What the task asks =
Could you restate the entries below word for word and leave the images out?

Dataset records =
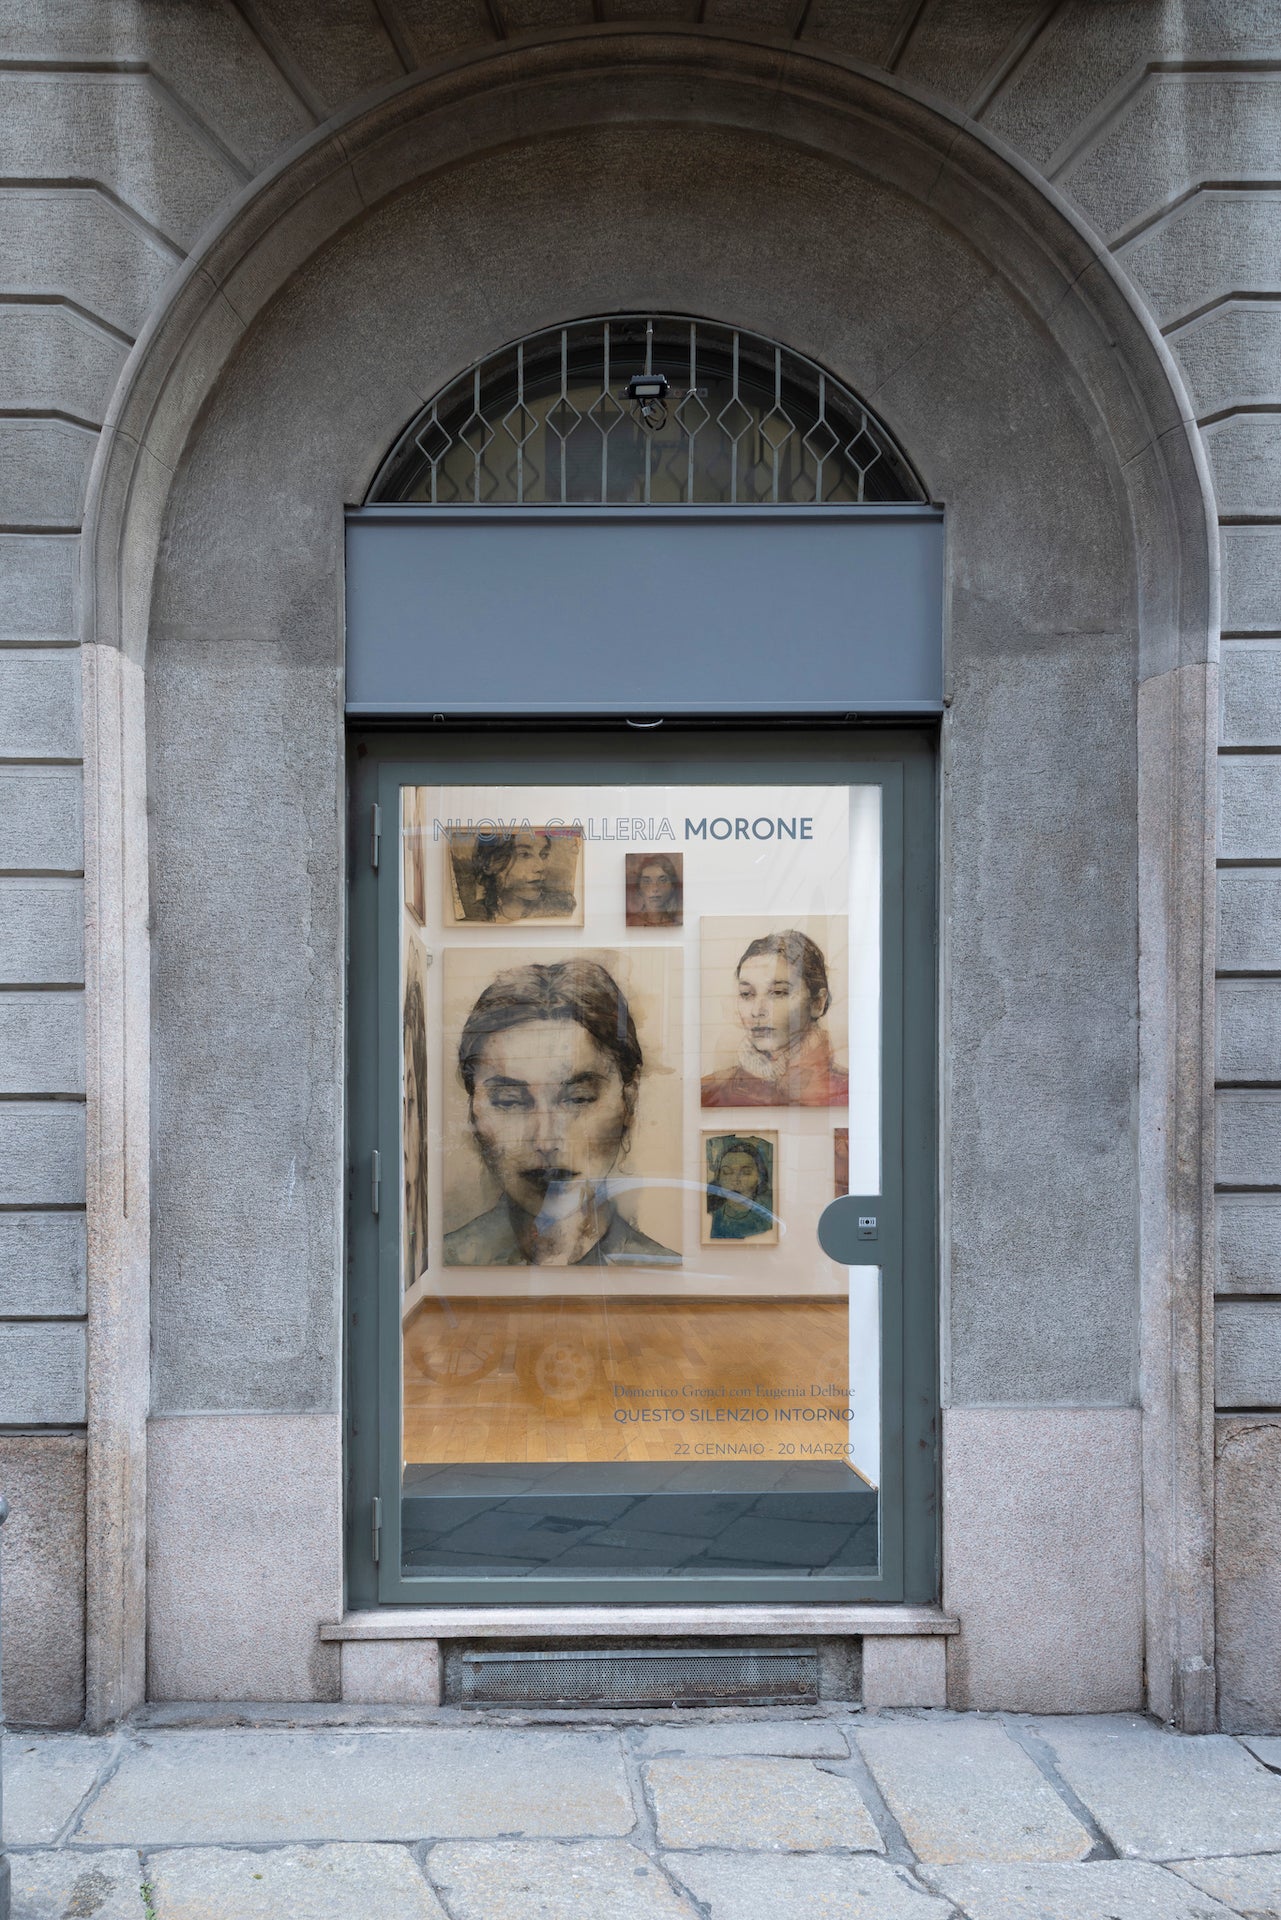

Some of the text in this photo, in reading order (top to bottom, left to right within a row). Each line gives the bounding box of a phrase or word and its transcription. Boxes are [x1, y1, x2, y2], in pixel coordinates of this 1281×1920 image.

[433, 817, 813, 841] NUOVA GALLERIA MORONE
[613, 1384, 856, 1400] Domenico Grenci con Eugenia Delbue
[613, 1408, 855, 1424] QUESTO SILENZIO INTORNO
[674, 1443, 690, 1455] 22
[694, 1443, 765, 1455] GENNAIO
[778, 1443, 795, 1455] 20
[800, 1443, 855, 1455] MARZO
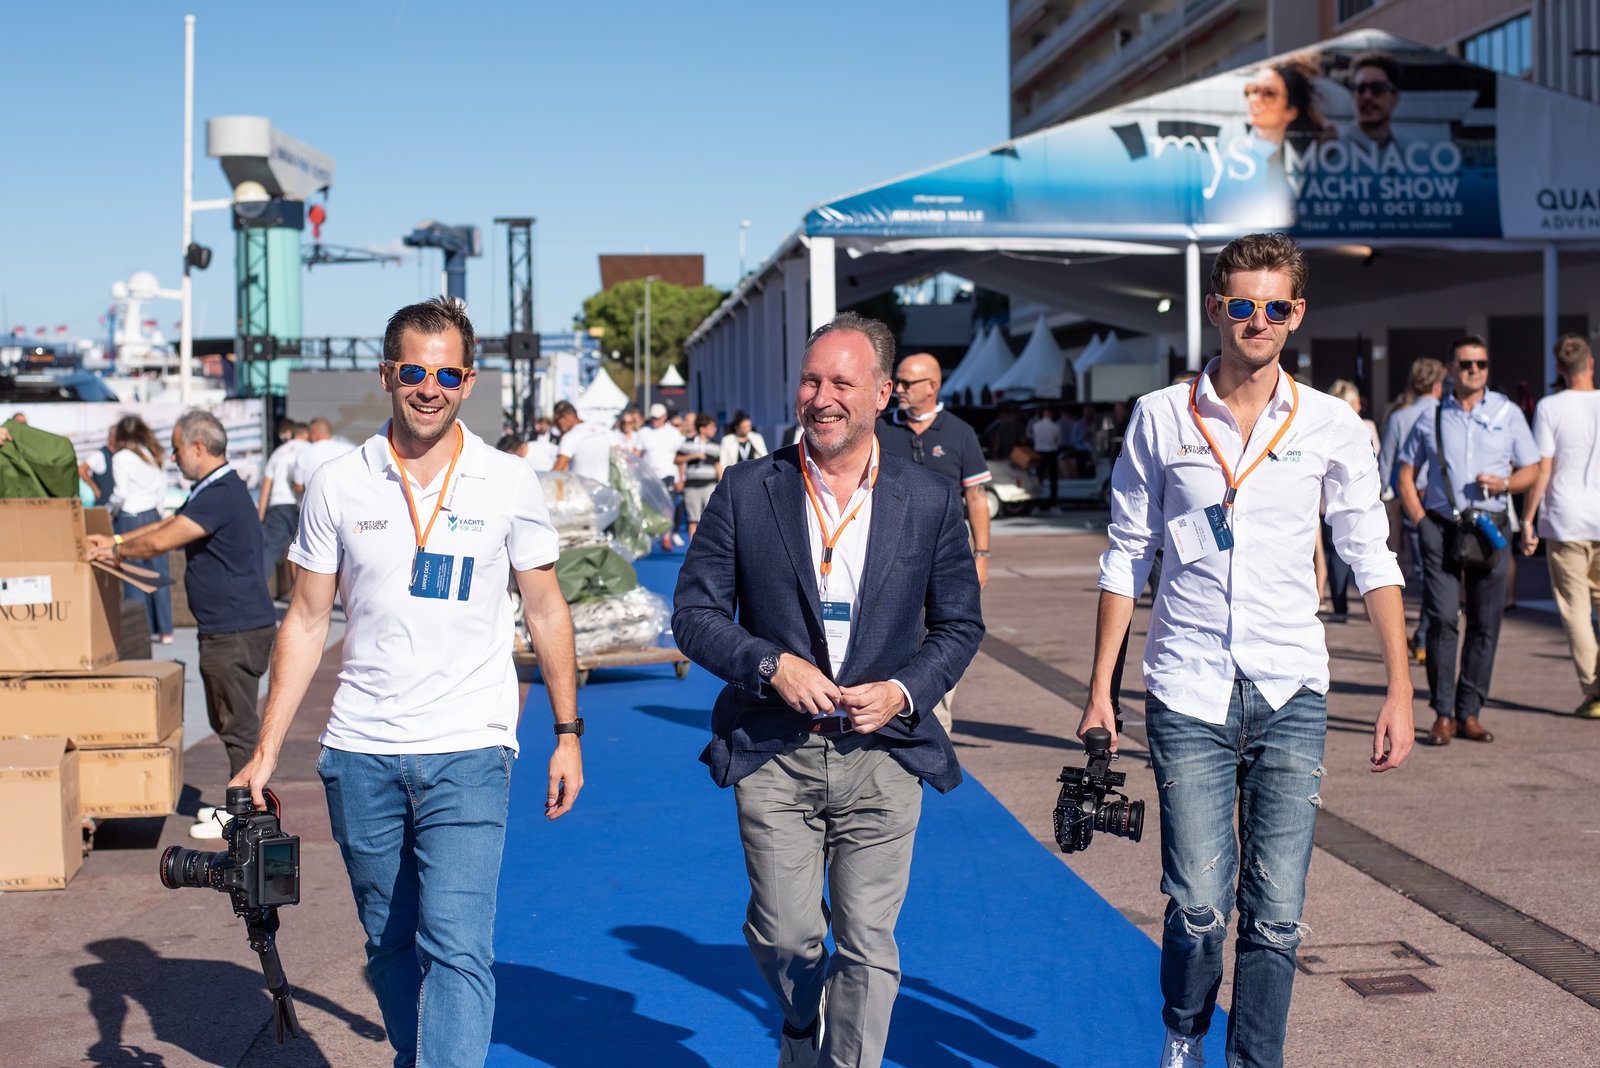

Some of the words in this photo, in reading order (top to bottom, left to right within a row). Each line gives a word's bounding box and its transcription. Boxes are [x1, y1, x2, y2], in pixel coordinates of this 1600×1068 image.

[1147, 135, 1256, 199] mys
[1284, 140, 1462, 174] MONACO
[1286, 175, 1372, 199] YACHT
[1379, 176, 1460, 199] SHOW
[1313, 202, 1343, 216] SEP
[1383, 202, 1415, 216] OCT
[1421, 202, 1464, 216] 2022
[1537, 188, 1600, 210] QUA
[357, 519, 389, 527] NORTHROP
[360, 525, 387, 533] JOHNSON
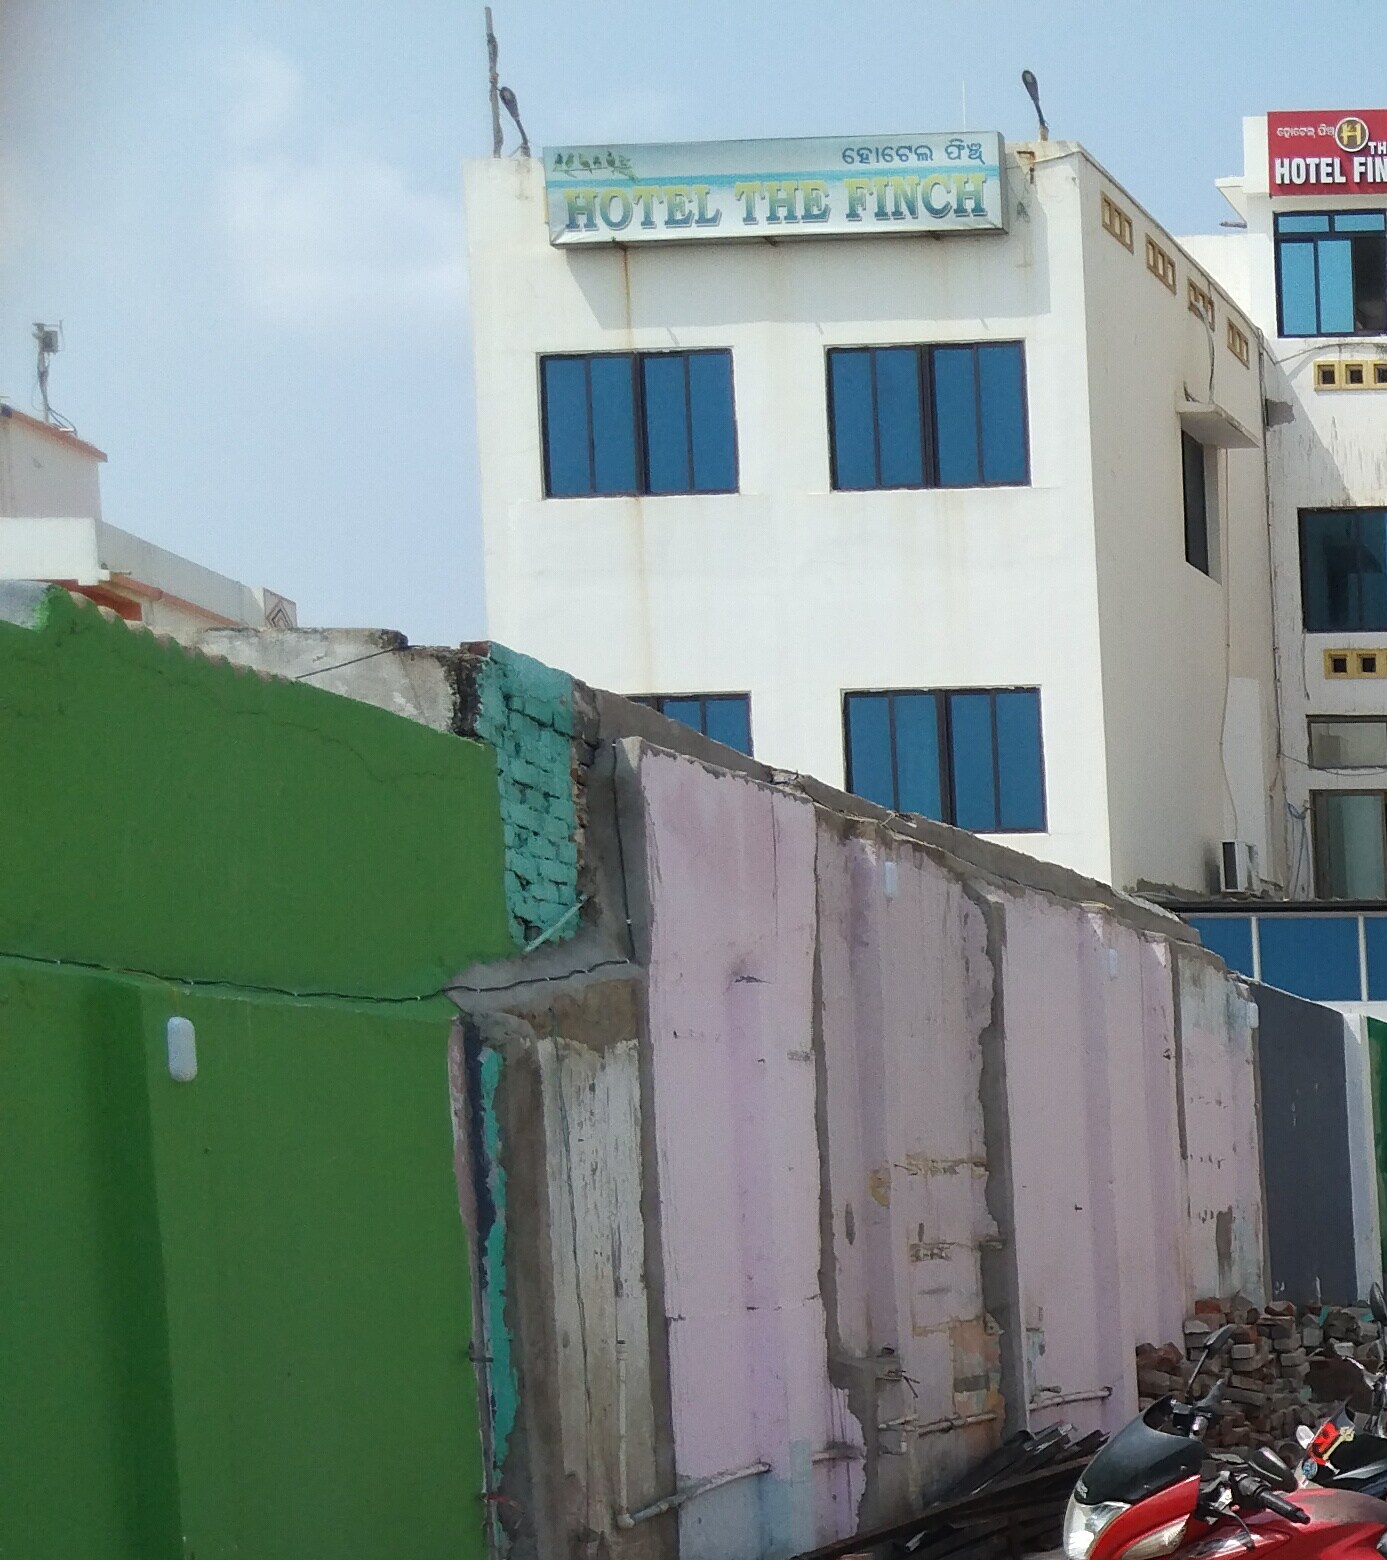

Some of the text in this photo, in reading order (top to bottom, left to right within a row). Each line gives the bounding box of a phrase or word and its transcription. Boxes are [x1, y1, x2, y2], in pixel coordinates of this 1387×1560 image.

Output =
Some of the text in this photo, in reading order (top to bottom, left to right within a row). Each line gives the bounding box of a phrase or word and its transcription. Boxes are [x1, y1, x2, y2], in pixel coordinates of this 1281×1920 image.

[433, 817, 813, 841] NUOVA GALLERIA MORONE
[613, 1384, 856, 1400] Domenico Grenci con Eugenia Delbue
[613, 1408, 855, 1424] QUESTO SILENZIO INTORNO
[674, 1443, 690, 1455] 22
[694, 1443, 765, 1455] GENNAIO
[778, 1443, 795, 1455] 20
[800, 1443, 855, 1455] MARZO

Some of the words in this photo, in reading order (top to bottom, left to right within a row). Each line gives a word's bounding box and its transcription. Boxes are [x1, y1, x2, y2], in pixel coordinates of this 1600×1068 image.

[1147, 135, 1256, 199] mys
[1284, 140, 1462, 174] MONACO
[1286, 175, 1372, 199] YACHT
[1379, 176, 1460, 199] SHOW
[1313, 202, 1343, 216] SEP
[1383, 202, 1415, 216] OCT
[1421, 202, 1464, 216] 2022
[1537, 188, 1600, 210] QUA
[357, 519, 389, 527] NORTHROP
[360, 525, 387, 533] JOHNSON

Some of the text in this photo, in reading order (top to bottom, left to right within a row). Each line gives the bounding box of a phrase or word and its transcription. Boxes are [x1, y1, x2, y2], in pixel coordinates of this 1387×1560 image.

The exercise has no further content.